# How many chicks



## rnorth38 (Mar 19, 2013)

My wife and I are new to the chicken idea and I just want to make sure that I am not going to have eggs coming out of my ears. We would like to get 6-12 eggs a day however,I have no idea how many chicks I would need. I am thinking 10-12 however, my says I am crazy. Please advise our coop will be 8x12 when we are done


----------



## ArticStrat (Mar 7, 2013)

A chicken can lay 1 egg every 24 or 25 hours if they are a great producer. Breed will dictate what you can expect. 10 to 12 chickens would certainly provide you with 6 to 12 eggs per day.
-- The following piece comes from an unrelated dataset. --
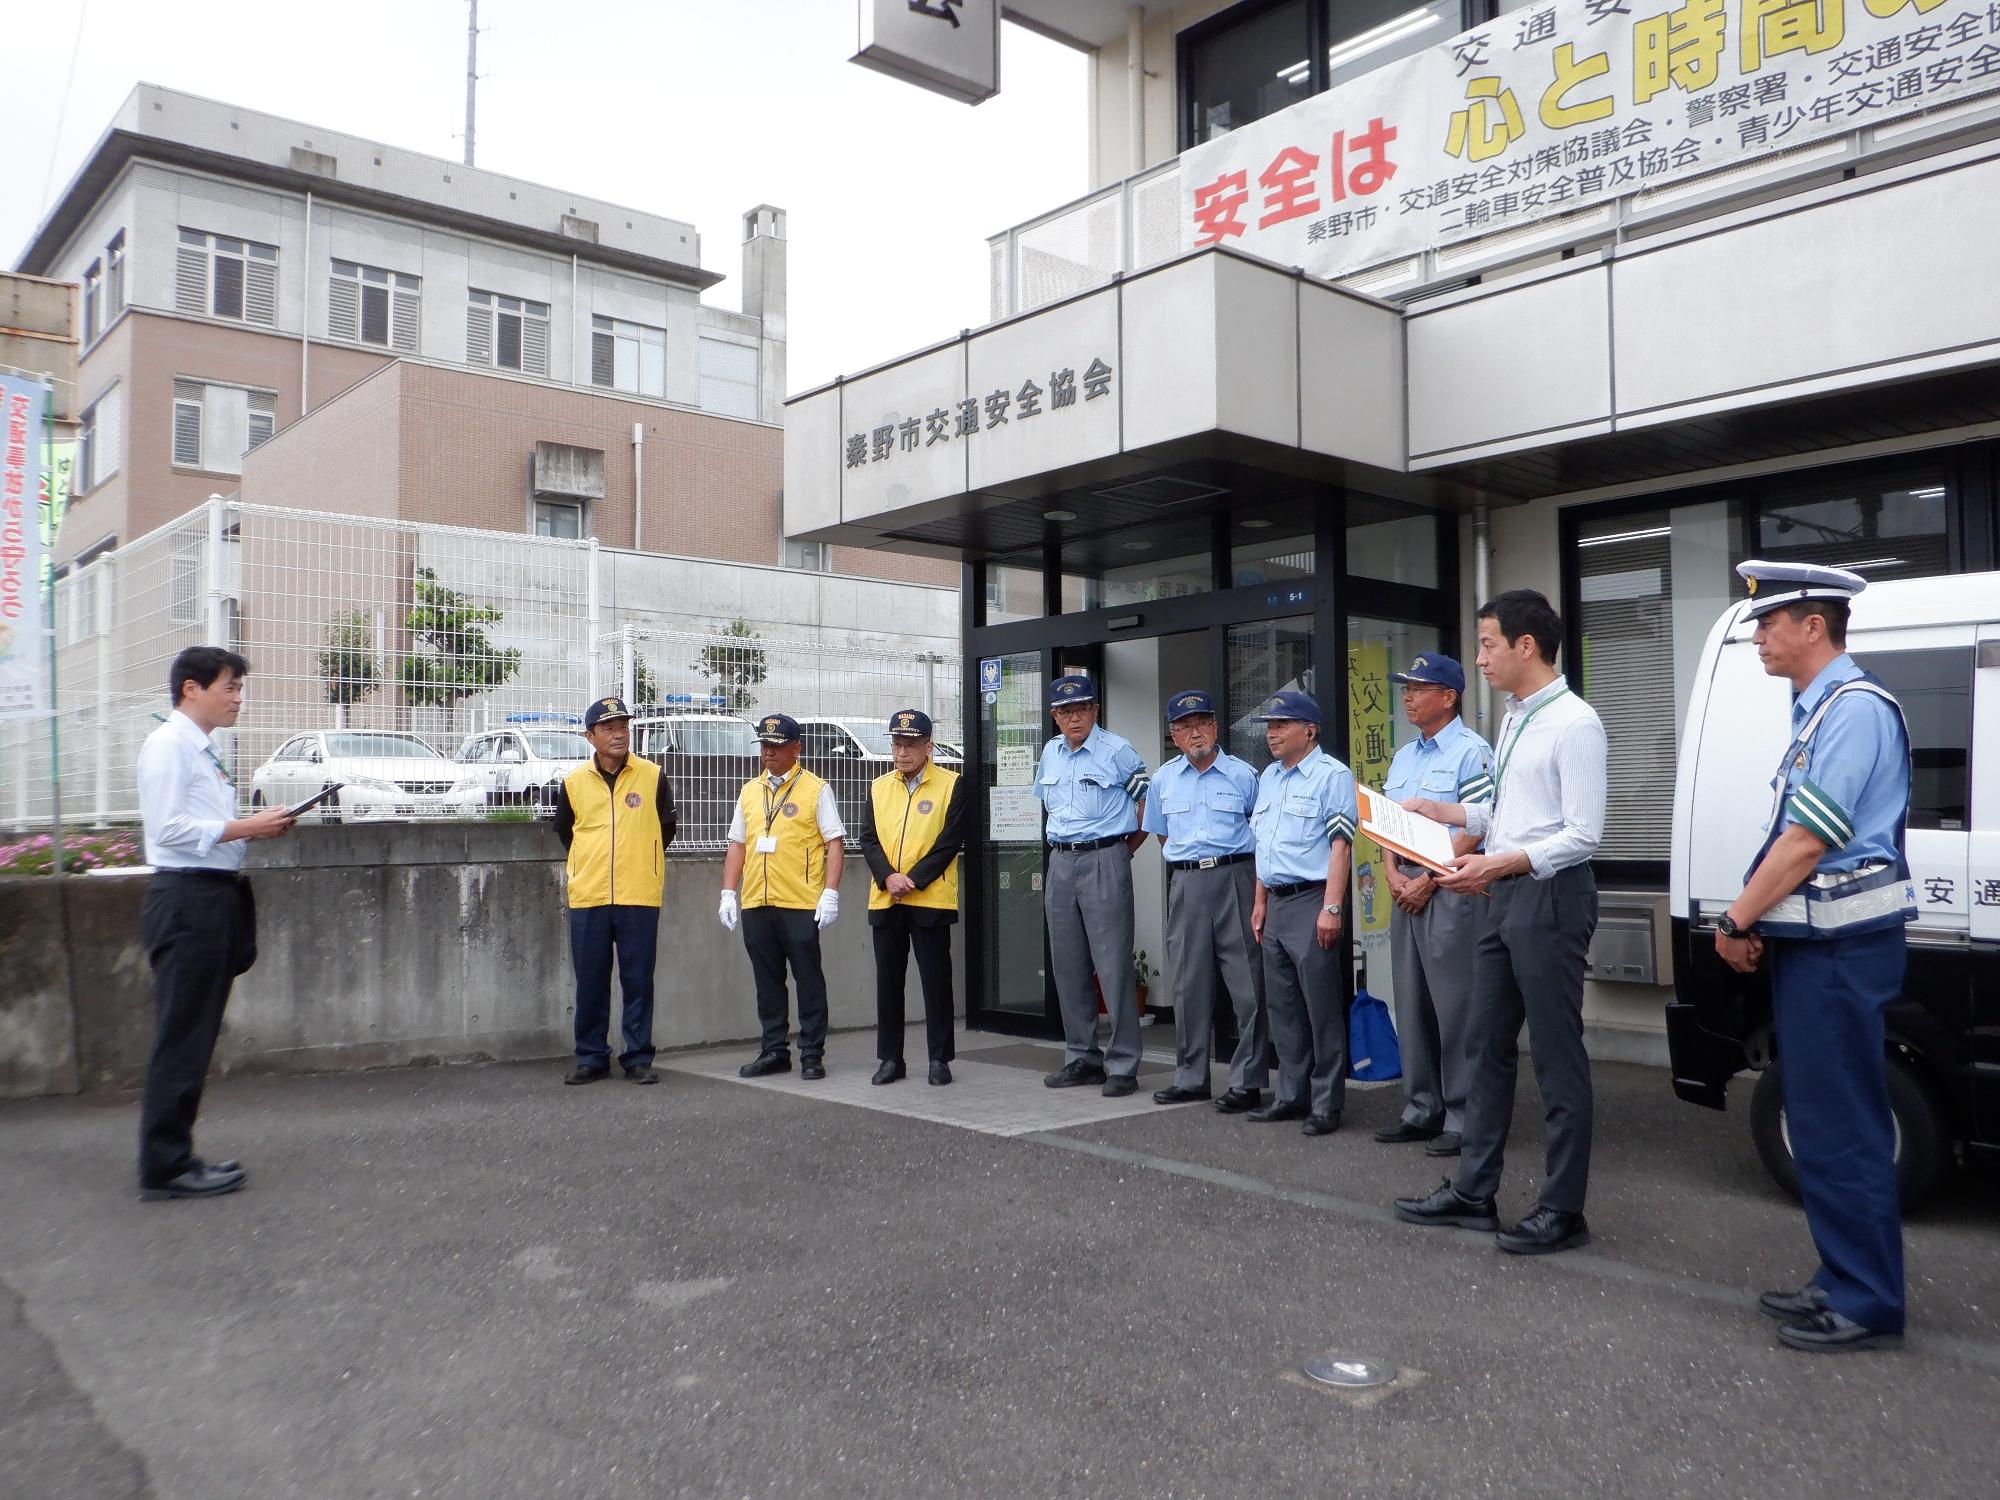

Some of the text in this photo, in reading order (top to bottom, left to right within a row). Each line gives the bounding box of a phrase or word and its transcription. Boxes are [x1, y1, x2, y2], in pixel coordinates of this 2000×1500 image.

[1193, 116, 1398, 247] 安全は
[845, 357, 1114, 470] 秦野市交通安全協会
I have just started as well, but I have 34 chickens and 4 turkeys.


----------



## rnorth38 (Mar 19, 2013)

ArticStrat said:


> A chicken can lay 1 egg every 24 or 25 hours if they are a great producer. Breed will dictate what you can expect. 10 to 12 chickens would certainly provide you with 6 to 12 eggs per day.
> 
> I have just started as well, but I have 34 chickens and 4 turkeys.


Thanks for the advice


----------



## Apyl (Jun 20, 2012)

I have 12 laying hens and 3 laying ducks. I get 10 eggs a day and I have eggs coming out of the wazoo, lol. We are a family of 5 and cant eat them fast enough. I've been giving away dozens, making angel food cake, pickled a dozen so far, and have a bowl full on the counter for hatching. If its just you and your wife I would say 4 hens. There are going to be days your not gonna want to eat eggs. Unless you plan on selling them or giving them away.


----------



## rnorth38 (Mar 19, 2013)

Apyl said:


> I have 12 laying hens and 3 laying ducks. I get 10 eggs a day and I have eggs coming out of the wazoo, lol. We are a family of 5 and cant eat them fast enough. I've been giving away dozens, making angel food cake, pickled a dozen so far, and have a bowl full on the counter for hatching. If its just you and your wife I would say 4 hens. There are going to be days your not gonna want to eat eggs. Unless you plan on selling them or giving them away.


OMG... Thanks for the heads up we like eggs however, that would be a lot. I wonder if I could pay my farrier in eggs?....LOL


----------